# [Problem]
Copy every line below precisely as it appears.

═════ Records shown ═════

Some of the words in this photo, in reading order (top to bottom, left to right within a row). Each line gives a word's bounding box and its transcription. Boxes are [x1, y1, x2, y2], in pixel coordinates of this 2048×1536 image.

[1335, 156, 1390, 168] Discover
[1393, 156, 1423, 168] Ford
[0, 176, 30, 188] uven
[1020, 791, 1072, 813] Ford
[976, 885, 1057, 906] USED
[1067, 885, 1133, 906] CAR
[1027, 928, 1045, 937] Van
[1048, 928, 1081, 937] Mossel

═════

# [Solution]
Some of the words in this photo, in reading order (top to bottom, left to right within a row). Each line gives a word's bounding box and its transcription. Boxes are [x1, y1, x2, y2], in pixel coordinates of this 2048×1536 image.

[1335, 156, 1390, 168] Discover
[1393, 156, 1423, 168] Ford
[0, 176, 30, 188] uven
[1020, 791, 1072, 813] Ford
[976, 885, 1057, 906] USED
[1067, 885, 1133, 906] CAR
[1027, 928, 1045, 937] Van
[1048, 928, 1081, 937] Mossel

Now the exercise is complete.